Grandma and Grandpa Wonderful are the sweet, loving, and caring maternal grandparents of Joy Notsomuch, another intelligent and beautiful seven-year-old. They live in a three-bedroom house in Lakeland and have much to offer their granddaughter Joy's married parents, Spike and Cruella Notsomuch, live in a trailer somewhere in unincorporated Polk County. They are both unemployed and on unemployment, although Cruella sometimes tends bar to get a few bucks. Joy goes to school in Winter Haven and does quite well, all things considered. Grandpa Wonderful told Spike to get a job. Now the Notsomuchs have precluded the Wonderfuls from seeing Joy for over six months. The Wonderfuls seek grandparental visitation with Joy.

Who has standing to sue under Florida's grandparent visitation statute? What are the constitutional issues affecting the parents? The answers to these questions have changed significantly in the 90's. This article explores those changes and makes an attempt to discern what the future holds in store for grandparental visitation rights in Florida.

To understand the historical perspective of statutory grandparent visitation, one must glance at the position of grandparents in society today. Statistics show that approximately 75 percent of all older Americans are grandparents.[1] Many issues challenging parents and children today, including dual-career couples, social mobility, and rapid cultural and technological shifts, have altered the dynamics of the grandparent/nuclear family relationship.[2]

Under common law, grandparents had no legal right to visit with their grandchildren.[3] It was said that parents had only a moral obligation to allow grandparent visitation, leaving a grandparent no cause of action for relief.[4] This was because any such cause of action would serve to foster ill will between parents and grandparents, placing the child in the center of the conflict.[5] Before 1978, the case law in Florida dictated that an order was "unjustified" and "unenforceable" if it granted visitation rights to a nonparent of a child whose custody had been awarded to a fit parent. Sheehey v. Sheehey, 325 So. 2d 12 (Fla. 2d DCA 1975).

In 1978, the Florida Legislature first modified F.S. [sections]61.13 to allow a trial court to award grandparent visitation as part of a marital dissolution proceeding. F.S. [sections]61.13(2)(b) (1978 Supp.). Grandparents, however, were not given legal standing to appear or intervene and did not have to become parties to the action; thus, when seeking visitation during a divorce or in an intact marriage, the grandparents generally lost on standing issues.[6] In 1984, the legislature granted grandparents the right to seek visitation by petition upon the death of one parent, abandonment by a parent, or dissolution of the parents' marriage. Also, the grandparent visitation statutes were removed from F.S. Ch. 61 and consolidated in Ch. 752. F.S. Ch. 752 (1984 Supp.); Beagle v. Beagle, 678 So. 2d 1271 (Fla. 1996).

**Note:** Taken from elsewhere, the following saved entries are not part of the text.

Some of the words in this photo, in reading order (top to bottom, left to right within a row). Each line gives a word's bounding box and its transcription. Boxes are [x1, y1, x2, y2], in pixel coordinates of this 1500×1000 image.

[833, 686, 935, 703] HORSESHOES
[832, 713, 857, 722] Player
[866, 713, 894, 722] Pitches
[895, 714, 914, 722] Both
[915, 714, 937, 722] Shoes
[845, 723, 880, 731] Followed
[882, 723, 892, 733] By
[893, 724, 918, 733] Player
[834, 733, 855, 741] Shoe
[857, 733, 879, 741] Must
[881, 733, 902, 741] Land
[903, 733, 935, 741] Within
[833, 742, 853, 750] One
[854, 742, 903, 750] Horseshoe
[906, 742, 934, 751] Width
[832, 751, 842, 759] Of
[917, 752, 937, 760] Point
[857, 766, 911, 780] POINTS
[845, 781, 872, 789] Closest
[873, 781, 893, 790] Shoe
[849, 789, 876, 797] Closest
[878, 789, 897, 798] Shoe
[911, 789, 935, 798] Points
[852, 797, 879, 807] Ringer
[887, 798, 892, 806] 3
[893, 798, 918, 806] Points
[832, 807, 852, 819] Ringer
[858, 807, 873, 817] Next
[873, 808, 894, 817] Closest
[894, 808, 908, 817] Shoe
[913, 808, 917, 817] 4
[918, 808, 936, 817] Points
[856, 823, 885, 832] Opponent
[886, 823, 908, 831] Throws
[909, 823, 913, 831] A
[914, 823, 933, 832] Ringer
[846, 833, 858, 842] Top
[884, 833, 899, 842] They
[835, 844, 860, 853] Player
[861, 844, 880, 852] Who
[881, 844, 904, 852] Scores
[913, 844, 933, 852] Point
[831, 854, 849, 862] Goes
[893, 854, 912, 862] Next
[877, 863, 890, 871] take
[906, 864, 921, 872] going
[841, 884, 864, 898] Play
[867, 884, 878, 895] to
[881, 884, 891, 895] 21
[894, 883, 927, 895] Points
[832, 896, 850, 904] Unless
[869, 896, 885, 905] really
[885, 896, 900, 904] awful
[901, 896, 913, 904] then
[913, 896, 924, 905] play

In 1990, the legislature retooled F.S. Ch. 752 by adding guidelines for a court to determine the best interests of a child involved in grandparent visitation cases.[7]

Also in 1990, the constitutionality of Florida's grandparent visitation statute was challenged in the oft-cited case Sketo v. Brown, 559 So. 2d 381 (Fla. 1st DCA 1990). In Sketo, the mother/respondent argued that F.S. [sections] 752.01 was unconstitutional because it violated her right to privacy that was protected by the state and federal constitutions. The First District held that the statute was not facially unconstitutional because the state has a sufficiently compelling interest in the welfare of children that it can provide for the continuation of relations between children and their grandparents under reasonable terms and conditions as long as that is in the children's interest. The statute had survived its first true challenge.

The last legislatively imposed change to the...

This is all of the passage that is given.